I felt their joy. As I watched, I recalled those snow days so long ago, those days when schoolwork did not concern me. I threw snowballs, sculpted snowmen, and was just plain cold. I came inside to warm up, hair askew, socks and gloves wet, only to wait long enough to go back out. However, the joy I felt watching them wasn’t just in recalling my old memories. I was also seeing them form their own, memories that perhaps they will remember years from now when the demands of job and family fill their minds.

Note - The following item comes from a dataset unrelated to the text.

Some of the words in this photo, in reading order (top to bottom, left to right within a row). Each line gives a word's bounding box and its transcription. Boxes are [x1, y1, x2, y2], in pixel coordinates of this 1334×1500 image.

But, joy cannot just be a release from work. It can’t be simply a closed school or the beginning of a vacation. In his book, The Happiness Hypothesis: Finding Modern Truth in Ancient Wisdom, Dr. Jonathan Haidt, a psychology professor now at NYU, discusses what several scientists have termed “flow,” when the challenge of a task intersects with our abilities (p. 95). Several studies indicate that reaching this state of mind provides tremendous happiness. In short, joy comes from the right kind of work.
It seems impossible. We all have careers, financial needs, responsibilities, and desires. Maybe we find an occupation worthy of our abilities, but in reality, most people just pour themselves into hobbies or other distractions to combat the ennui of their jobs. Or, they just change, repeatedly. Or they just lament the life they should have.

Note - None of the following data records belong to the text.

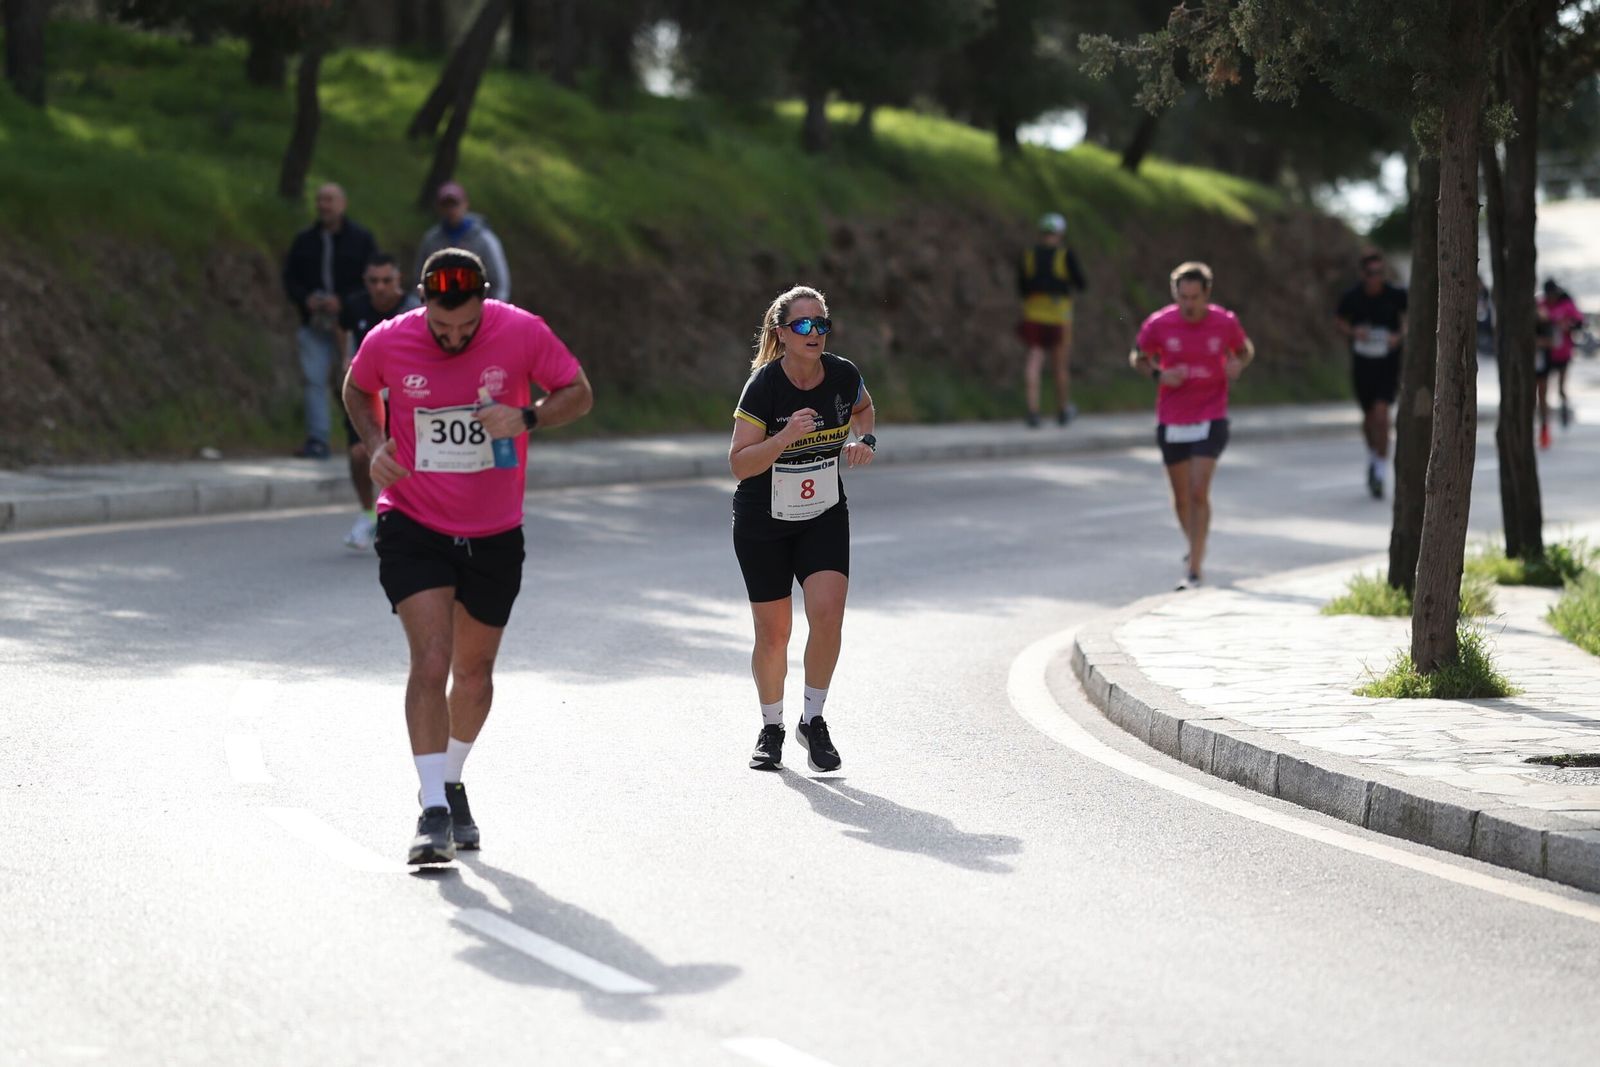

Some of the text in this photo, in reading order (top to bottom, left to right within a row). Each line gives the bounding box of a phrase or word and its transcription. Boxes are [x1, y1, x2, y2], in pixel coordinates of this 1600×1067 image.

[430, 419, 486, 445] 308
[829, 429, 849, 441] MÁLA
[800, 478, 815, 500] 8
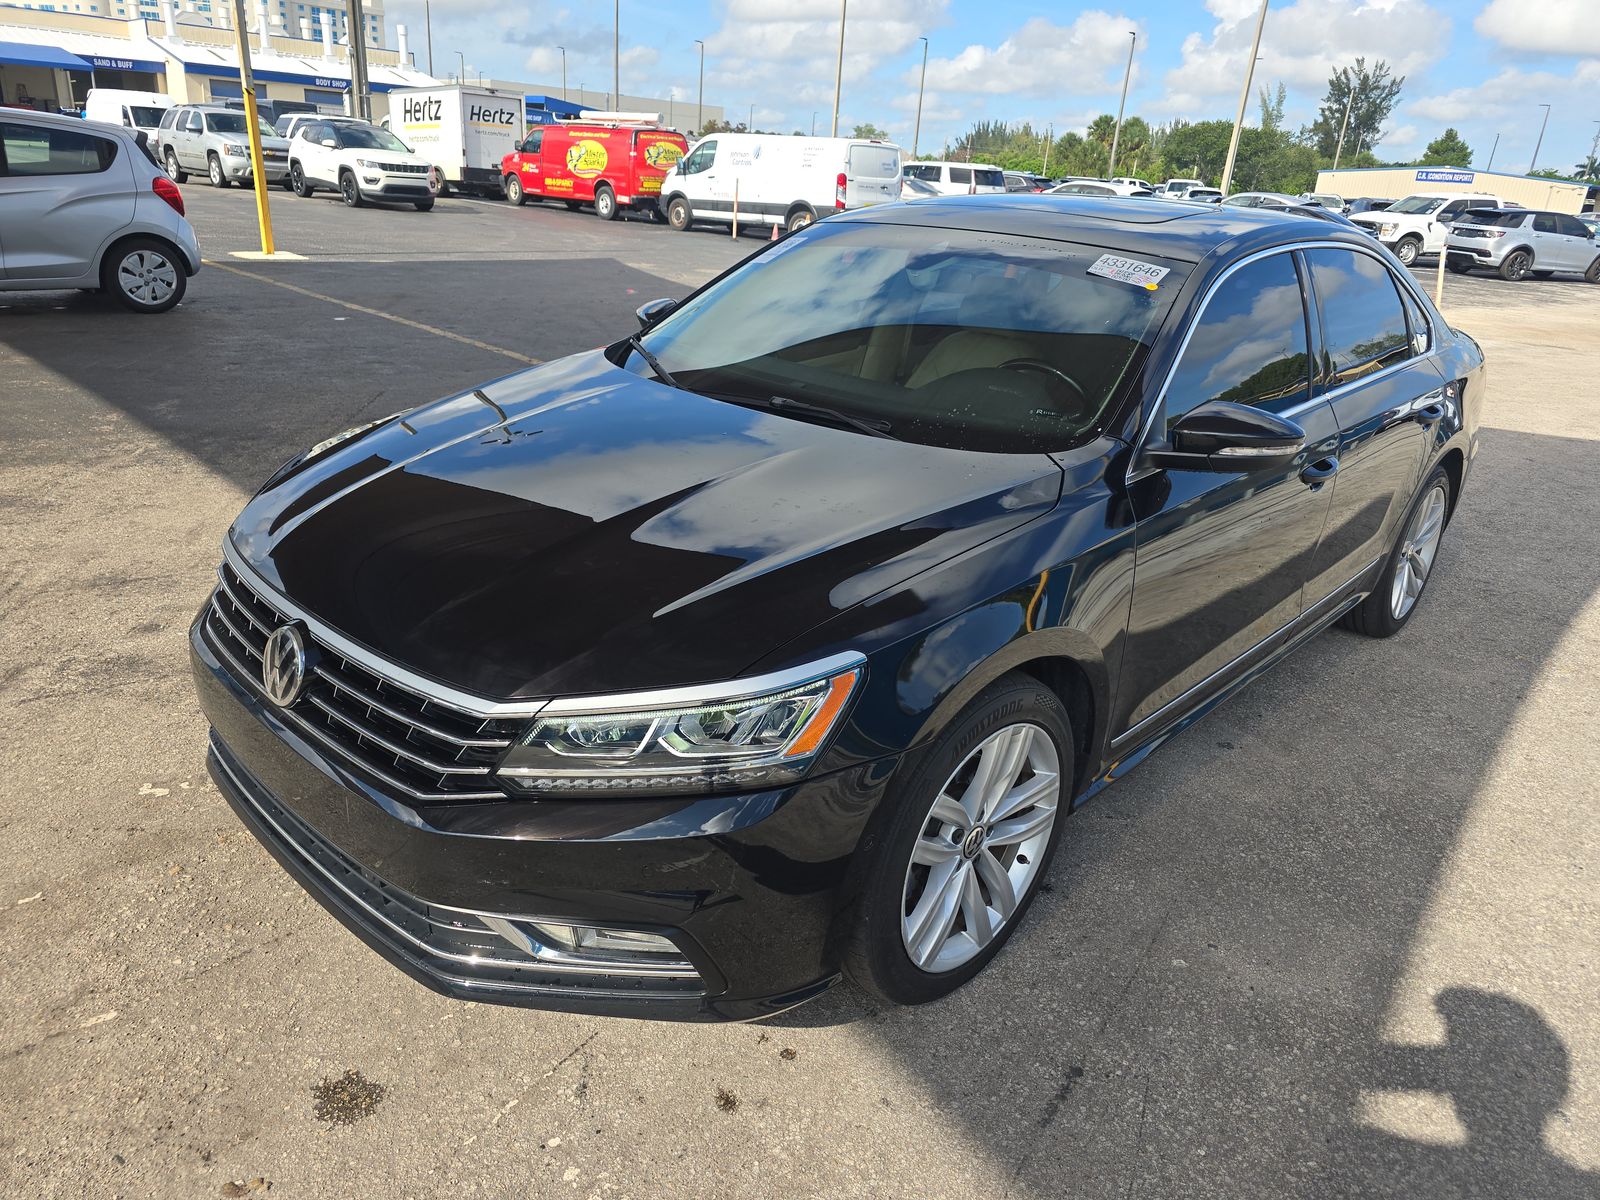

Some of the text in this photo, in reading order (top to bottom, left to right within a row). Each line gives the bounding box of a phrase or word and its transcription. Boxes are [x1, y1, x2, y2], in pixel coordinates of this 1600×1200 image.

[93, 58, 110, 66] SAND
[315, 78, 347, 88] BODY SHOP
[403, 95, 442, 123] Hertz
[470, 105, 515, 125] Hertz
[586, 149, 605, 158] Mister
[583, 158, 605, 168] Sparky
[1100, 256, 1162, 278] 4331646

In my memory, I see my children playing in the snow, and I realize it was not the absence of school work that filled them with joy. Instead, they were engaged in a moment of meaningful work, building a snowman in the cold with each other — children building and creating suited to their abilities. They had reached that moment of flow.
I suppose it may be easier for a child to feel joyful, but I don’t really believe it. My children saw the snow and went out to experience it. I changed from disgruntled father to someone who understood, at least for a brief moment, that joy is not a permanent state. We must sometimes endure the drudgery to find work that matters.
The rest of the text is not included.